Submitted into Contest #45 in response to: Write a story about inaction.... view prompt



Shoulders huddle together, enclosing two boys inside a jagged circle. Shouts and laughter is heard down the hall. Bodies shuffle with heads turned, ignoring the event taking place in the center of the ring, blocking the gym, out of sight, out of mind. The huddled mass of students becomes the focal point of Marco’s eyes. He watches, processing every minute of the abuse taking place before him and the other students, onlookers frozen in space, unsure how to react. Some join in, chanting and jeering; others stare, inactive robots waiting to be powered on. The profane words spewing out of the mouths of the others around the two boys only add to the torment coming from within the circle, a virus attacking the nucleus. 

“Why don’t you just drop out of school and help your dad mow lawns.

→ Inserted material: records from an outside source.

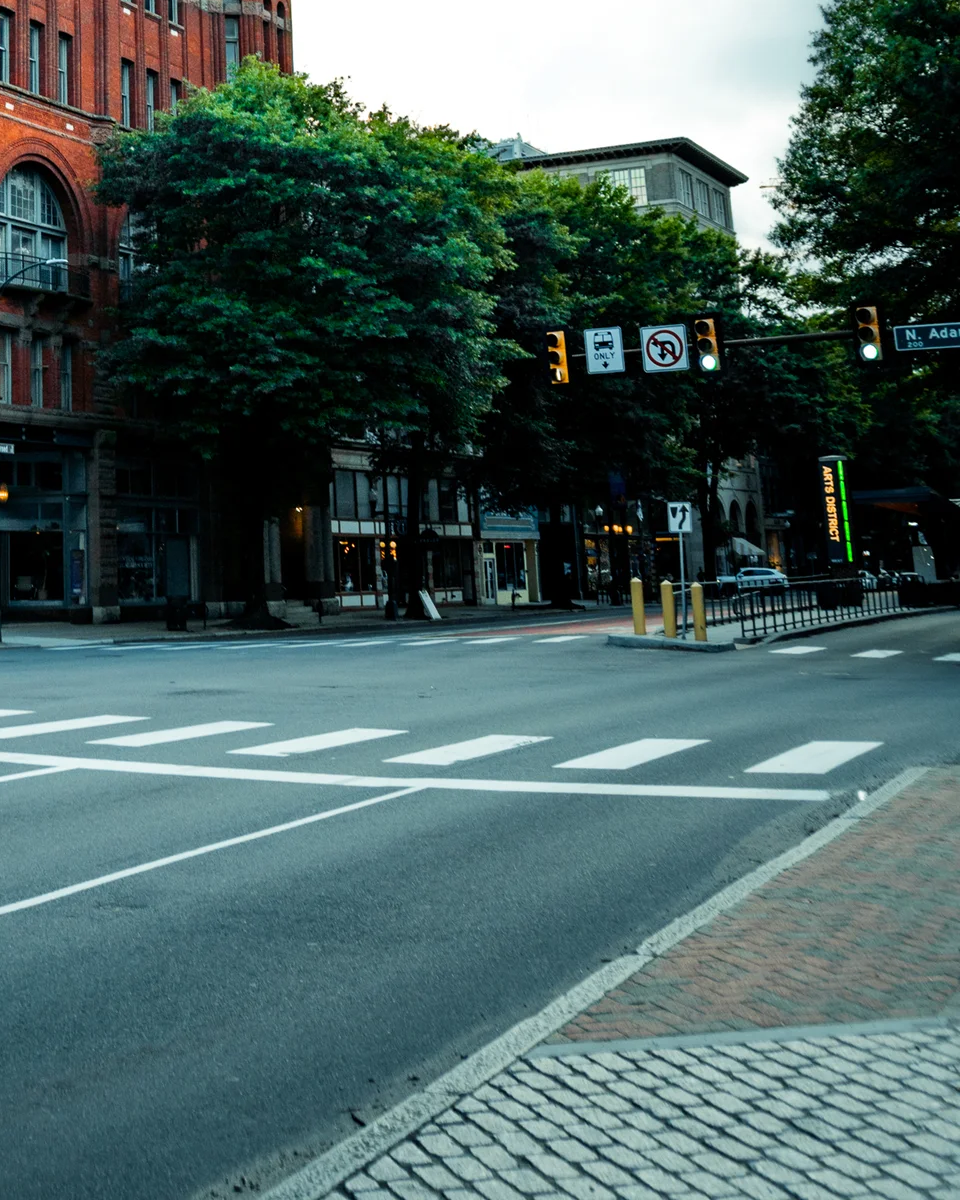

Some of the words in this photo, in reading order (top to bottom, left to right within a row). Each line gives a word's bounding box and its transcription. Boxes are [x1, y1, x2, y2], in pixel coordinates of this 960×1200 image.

[906, 329, 922, 340] N.
[594, 352, 615, 361] ONLY
[822, 465, 834, 494] ARTS
[825, 496, 840, 542] DISTRICT
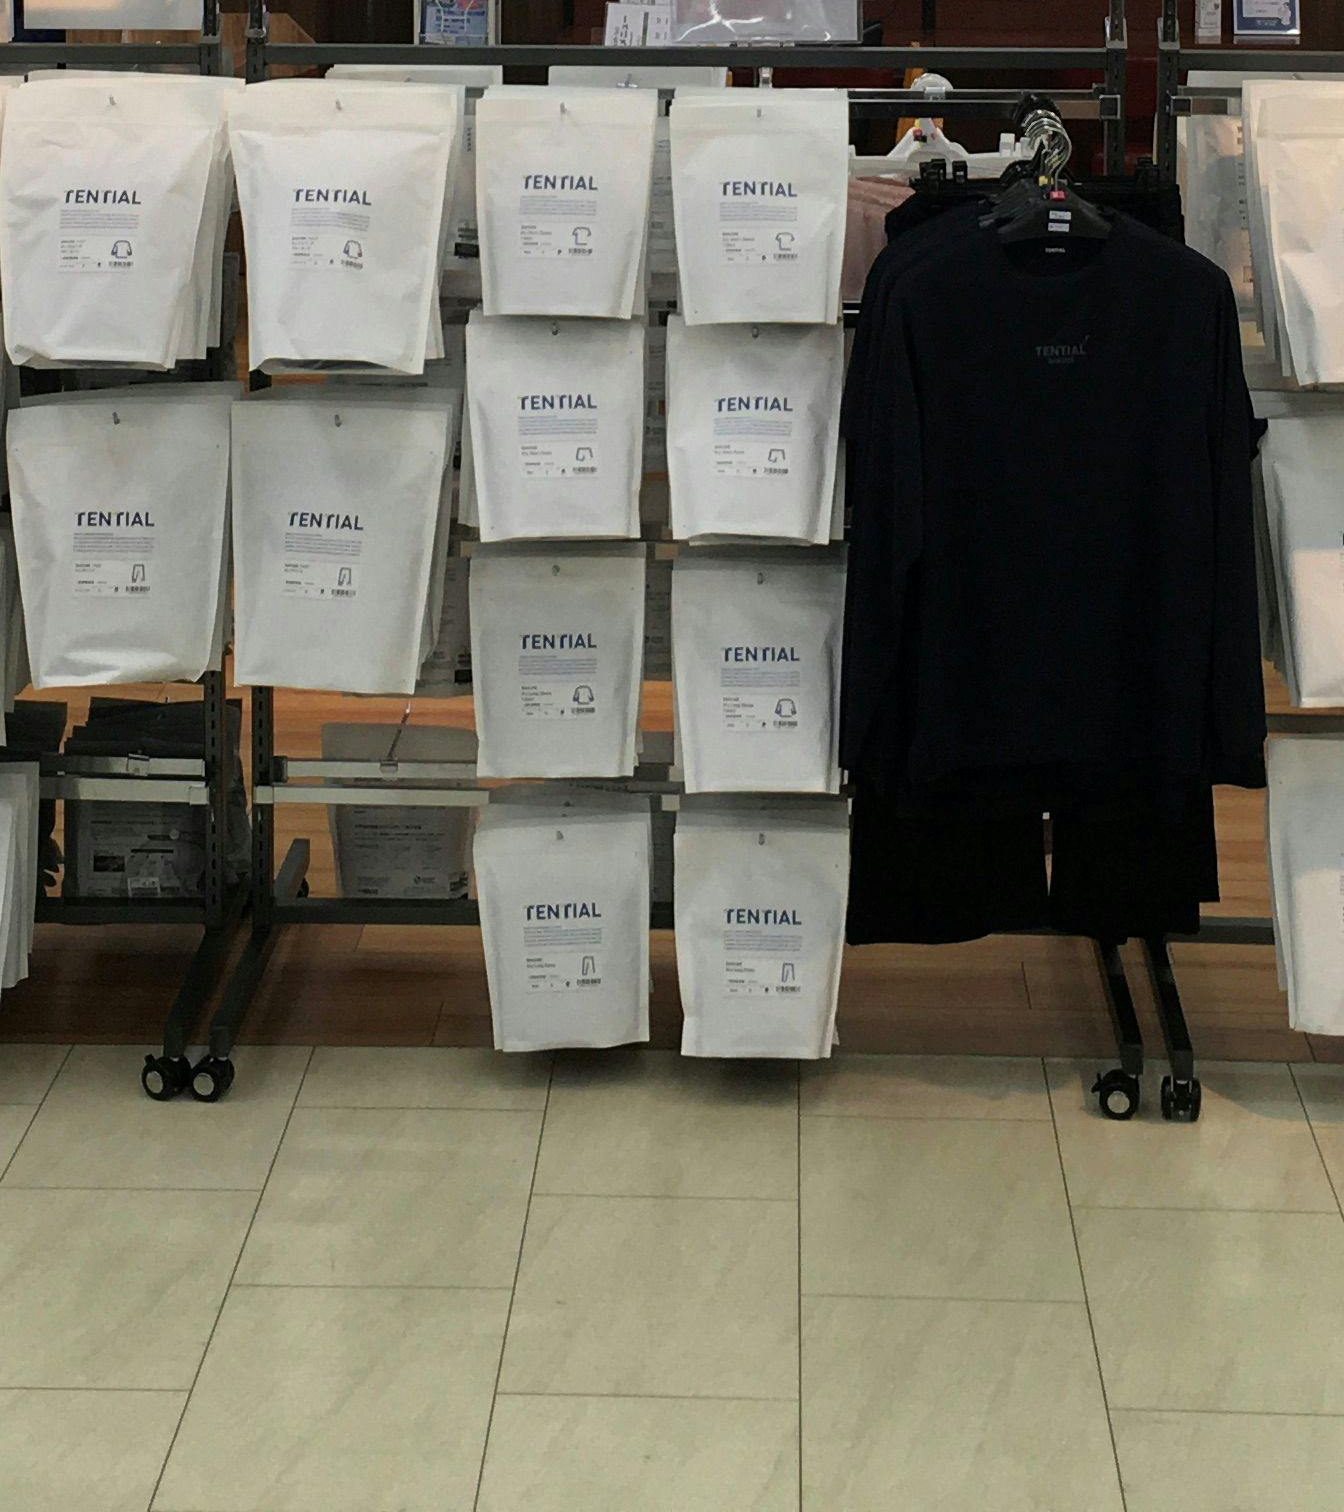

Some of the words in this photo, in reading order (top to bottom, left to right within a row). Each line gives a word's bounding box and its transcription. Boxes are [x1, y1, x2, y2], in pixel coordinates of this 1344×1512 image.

[522, 175, 597, 190] TENTIAL
[720, 181, 797, 197] TENTIAL
[63, 190, 141, 204] TENTIAL
[293, 189, 371, 206] TENTIAL
[518, 394, 597, 410] TENTIAL
[715, 397, 792, 412] TENTIAL
[75, 511, 154, 527] TENTIAL
[287, 512, 363, 530] TENTIAL
[520, 633, 597, 649] TENTIAL
[722, 647, 799, 662] TENTIAL
[524, 903, 601, 921] TENTIAL
[724, 909, 802, 925] TENTIAL

I know you all are good at that, right,” the stout boy says, sending a punch to the gut of his target. “Look at that. Brown is down.” The stout boy spits on the boy lying on the floor. “Next time, watch where you’re walking, you idiot. Yea, go ahead and cry. Waa waa. You don’t even belong here so why don’t you swim back across the river,” he says with a smile that goes from ear to ear, the Cheshire Cat with his devious grin.

Marco and the others continue staring unmoved by the words and the beating that transpired before their eyes. Shame fills his lungs as the beating of his heart intensifies. He wants somebody to do something; he wants to say something. But he stays rooted in his position like everyone else around the two boys. The rapid scattering of feet and disbursement of the circle snaps Marco out of his trance; someone finally called a teacher.

Certain moments define us, for every action, there is a reaction; for every inaction, a ripple in the cosmos. As a young boy, Marco rarely thought of the color of his skin or his heritage. He was born in America, so—to him—he was an American; he was able to blend in with the crowd. Not many kids teased him in school because there was someone always more different, less than he was. What he was witnessing, though, was what most kids thought of as normal. The boy left huddled, clutching his stomach, was just a typical case of being at the wrong place at the wrong time, a mantra the halls of the school would repeat throughout the years.  

 The feelings that arose when witnessing the suffering left in the aftermath disturbed him. Will this be another ghost to haunt his soul, he thinks. The ghosts would manifest over the years, and they would return to this moment, watching the abuse children are capable of, frozen with guilt and fear. 

Middle school is tough, especially if you’re the outsider, the different one. These differences don’t go away, though. When you’re younger, you see the world through a different lens, not rose-colored but still tinted, blinding you from reality. The images and events we hold onto have an impact on who we become, hidden agendas pushing us towards an unseen outcome. The transition from middle school to high school and then into adulthood intensifies these memories, tattooed in the unconscious.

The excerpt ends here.